Fletcher’s position under fire

Besieged English coach Duncan Fletcher will have his position assessed by the England and Wales Cricket Board (ECB) at the end of next year’s World Cup in the Caribbean.

ECB chief executive David Collier, having just arrived in Australia, confirmed Fletcher’s role would come under scrutiny.

“After the World Cup is the time we will truly reflect on where we go for the next four years,” he said.

Fletcher has gone from Ashes hero to villain in less than 15 months. Many of his decisions have come under fire throughout the tour. Fletcher’s selection of Monty Panesar over Ashley Giles, Chris Read over Geraint Jones and Andrew Flintoff as captain have all been blamed for England losing the Ashes to Australia.

After surrendering the Ashes on Monday, an unrepentant Fletcher faced up to the Australian media. He argued that it was pressure not preparation that caused the players downfall.

“How do you measure whether they were under-cooked or over-cooked or whether it was the pressure or not the pressure,” he said.
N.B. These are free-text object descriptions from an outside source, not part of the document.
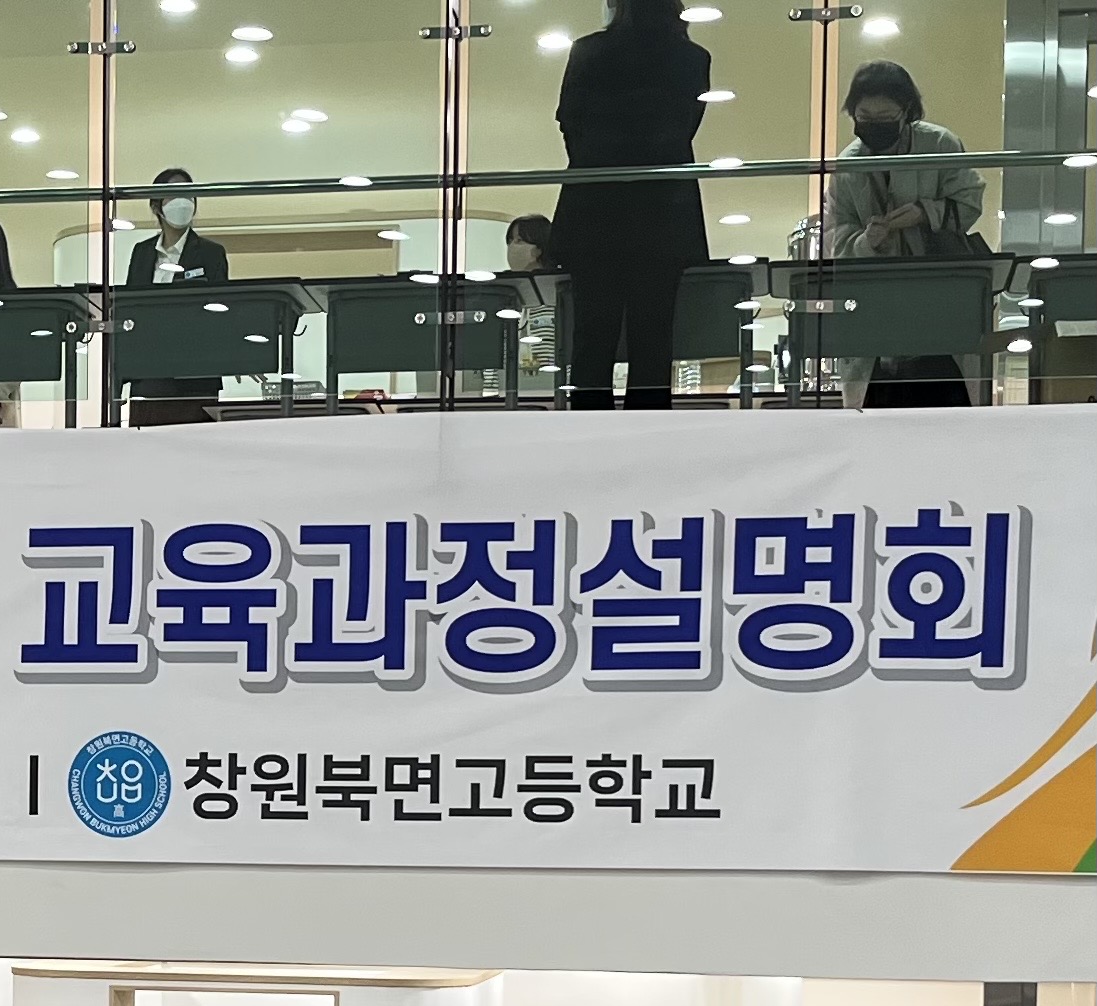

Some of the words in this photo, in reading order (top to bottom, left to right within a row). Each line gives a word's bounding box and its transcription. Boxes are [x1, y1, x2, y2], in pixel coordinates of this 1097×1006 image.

[20, 508, 1011, 674] 교육과정설명회
[70, 768, 92, 821] CHANGWON
[89, 817, 139, 835] BUKMYEON
[138, 808, 158, 828] HIGH
[154, 771, 167, 809] SCHOOL
[183, 751, 722, 825] 창원북면고등학교
“The England management all believe the preparation was right. Ideally, we’d like to have slightly longer but the way the calendar worked meant that was impossible.”
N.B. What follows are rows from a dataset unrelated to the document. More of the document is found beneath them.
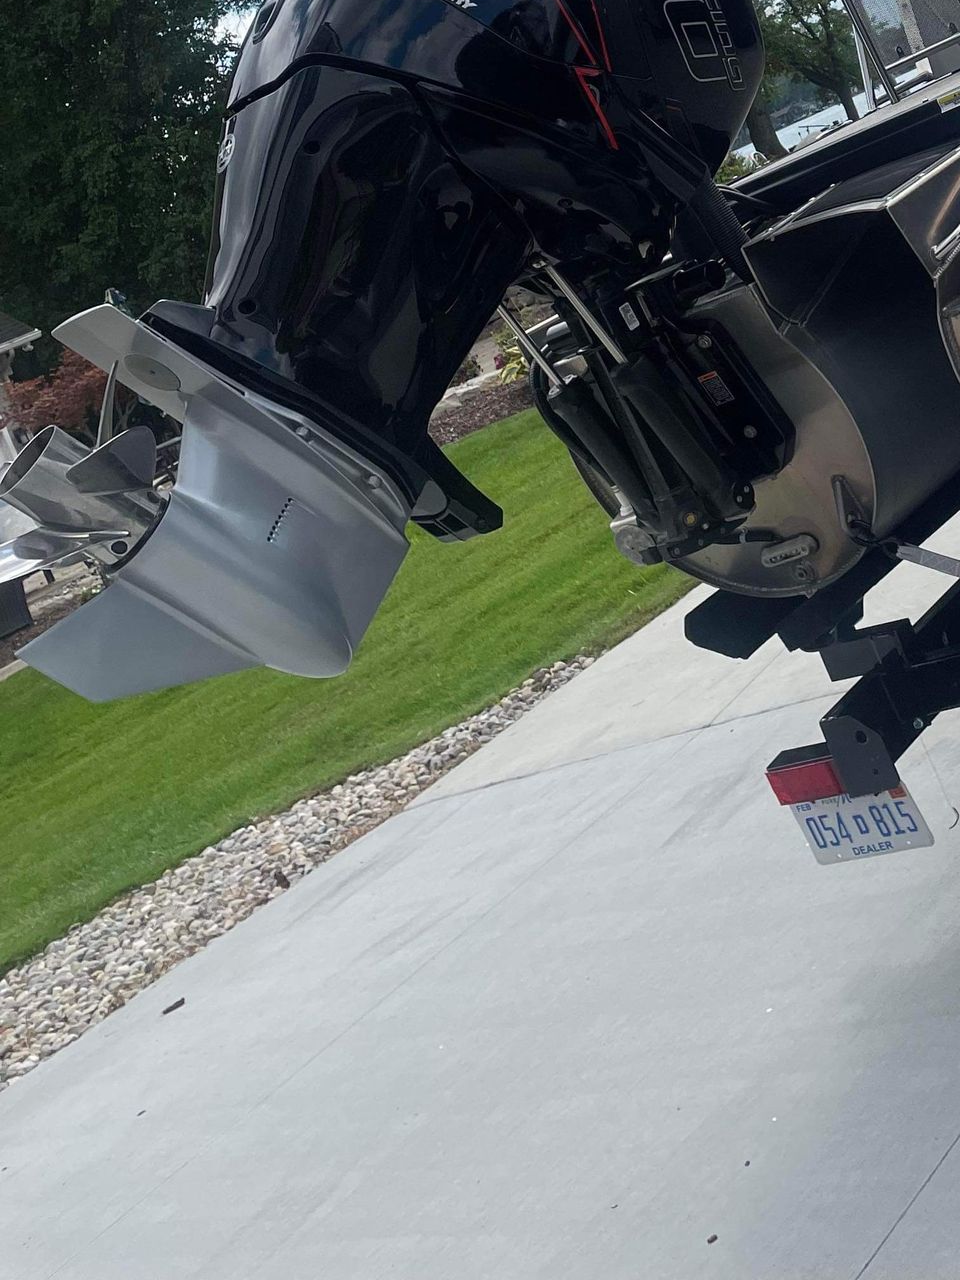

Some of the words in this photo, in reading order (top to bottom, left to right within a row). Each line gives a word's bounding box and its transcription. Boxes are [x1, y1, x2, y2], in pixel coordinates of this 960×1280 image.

[797, 804, 812, 812] FEB
[806, 813, 853, 849] 054
[853, 815, 869, 834] D
[869, 802, 918, 837] 815
[853, 842, 894, 856] DEALER
Collier agreed with the coaches sentiments: “I think it’s quite important you have to get the balance right between preparation and the players having a rest period.”

Fletcher did however accept some, but not all responsibility for the loss, saying “Everyone has got to be blamed on how we performed, on how we selected.”

Contrary to reports coming out of the English camp, Fletcher insists he still has the support and respect of his players and staff.

“I still have the players confidence, they still come to me on numerous occasions and still talk to me about tactics,” he maintained. “I have the respect of the players and that’s very important.”

Fletcher said he continued to enjoy his job:

“I am enjoying it,” he said “You have your ups and your downs and as long as there are more ups than downs you enjoy the job.”

The English press continue to call for his head. Perhaps his most vocal critic James Lawton, wrote in the Independent that Fletcher “had been out-thought, outplanned, outmotivated,” and the decision to play Giles ahead of Panesar was “atrocious”.

Meanwhile, Fletcher has made up with Australian captain Ricky Ponting. The two had a public falling out during the 2005 Ashes in England, after the skipper was run out by substitute fielder Gary Pratt in the fourth Test at Trent Bridge.

“I’ve got no hard feelings between Duncan and me,” said the Australian captain.

“There were a few a few months ago, but there’s none now.”

“I went down into their rooms and shook all their players’ hands and then I went back to ours and had a beer.”